Indications are that remote working was able to reduce the financial impact for those companies that have enabled it, but very few small and medium businesses have the budget or technical ability to implement and manage secure virtual private networks (VPNs) with sophisticated network access control.
Remote working - how risky is it and what can small businesses do to enable it securely?
Even large organisations struggle to secure remote working - and that is with multi-million pound budgets, 24x7 support and dedicated technical teams. Small businesses are exposed to the same risks, may not have any of these controls, yet would still like the flexibility and convenience that remote working offers them.
All is not lost - many small organisations do not need to provide full network functionality remotely access to e-mail will often suffice. Secure remote working can be achieved on a small business budget and skill set by understanding the risks to your business information and selecting components and controls that best mitigate them.

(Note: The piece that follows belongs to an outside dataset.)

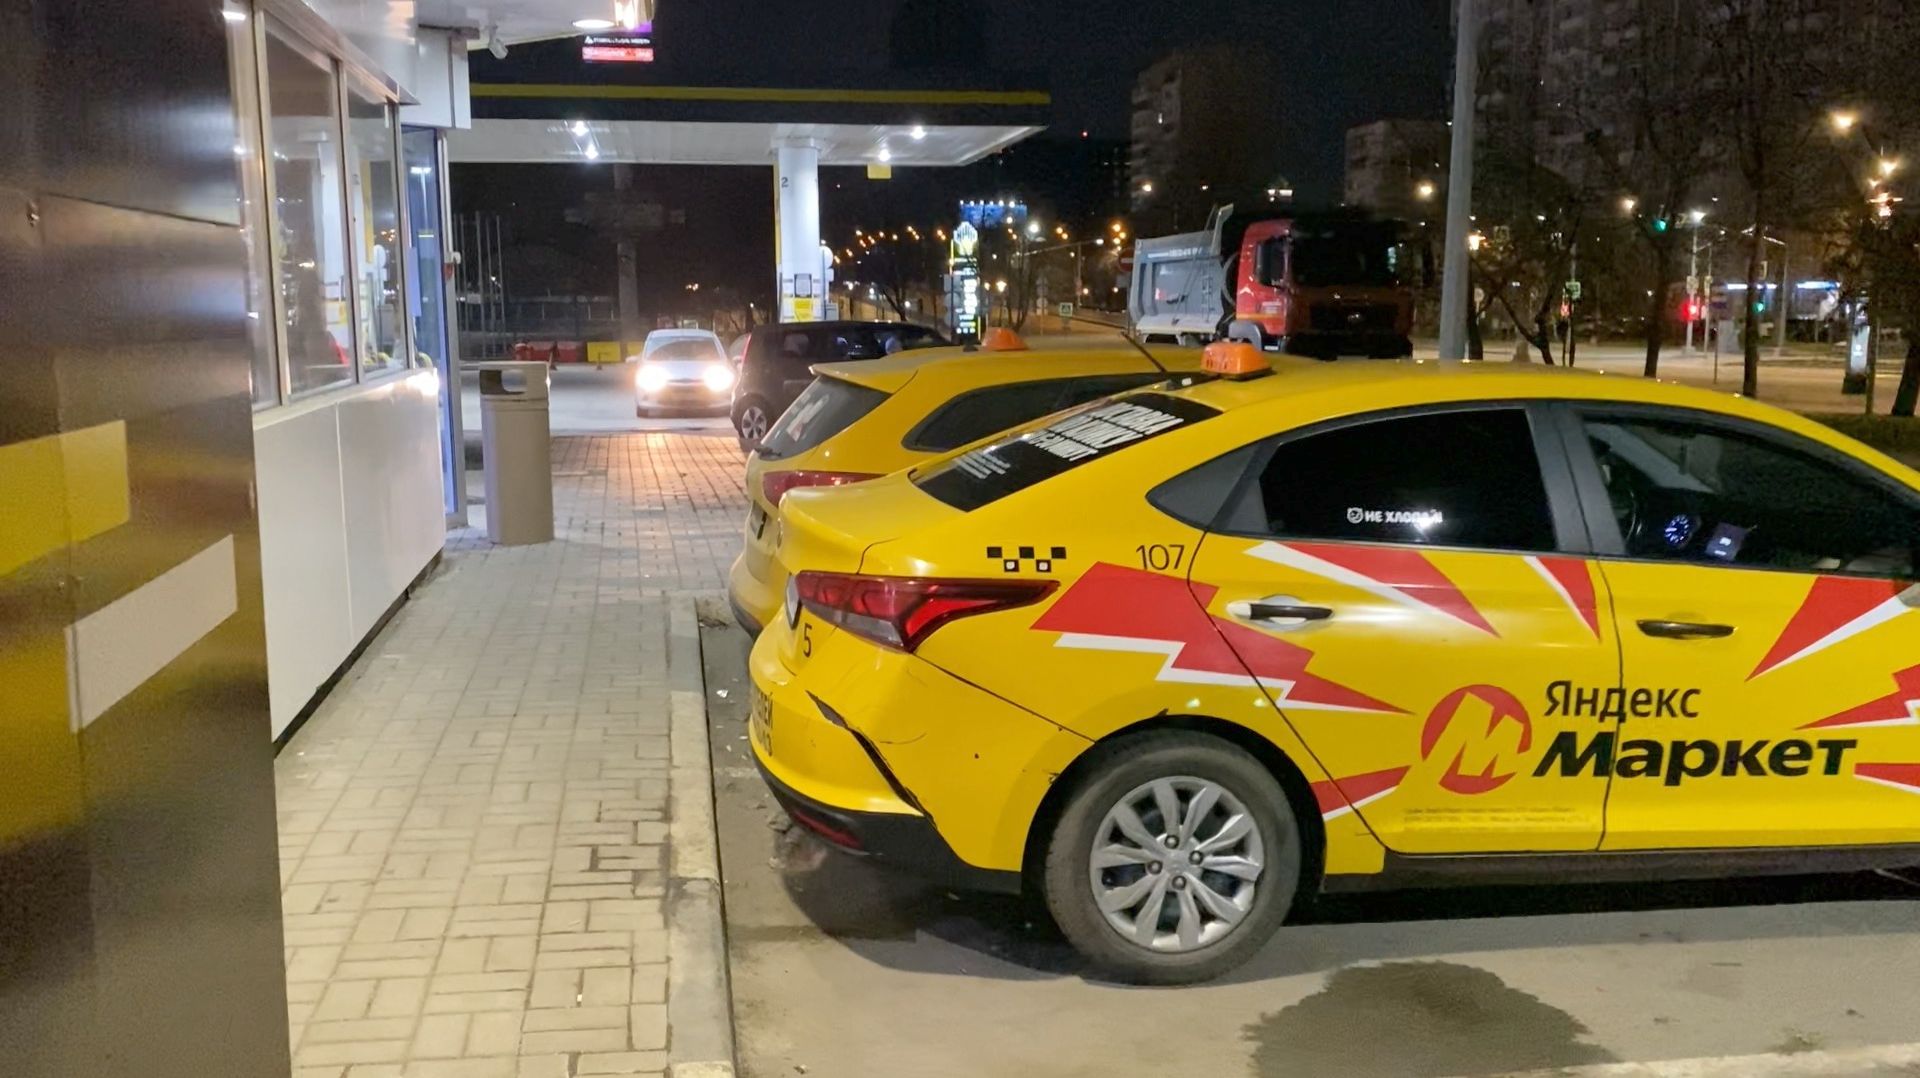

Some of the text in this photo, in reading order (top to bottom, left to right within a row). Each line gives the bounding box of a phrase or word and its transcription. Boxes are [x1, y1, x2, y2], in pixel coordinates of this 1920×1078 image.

A good starting point is to identify the applications, networks and devices that will be used to provide remote access. In many cases, this can be simplified to three: the user's device, the target system and the network that connects the two. Based on the risks, controls should be applied to each to ensure that end-to-end protection is in place.
The end-user's device will be the first point of weakness and so should be subjected to a risk assessment. Implement malware protection (such as anti-virus software) and a firewall. Where possible, advanced controls such as hardening the operating system and disabling the browser password cache should be implemented. Theft or loss of the asset (and therefore its data) is another risk - full disk encryption can help there. Whilst these controls can be applied relatively easily to devices owned and managed by the business, they probably cannot be applied where the employee is using their home PC to access business systems. If your business is relying on employees to use their own devices for remote access, then carefully consider which systems and data are to be made available.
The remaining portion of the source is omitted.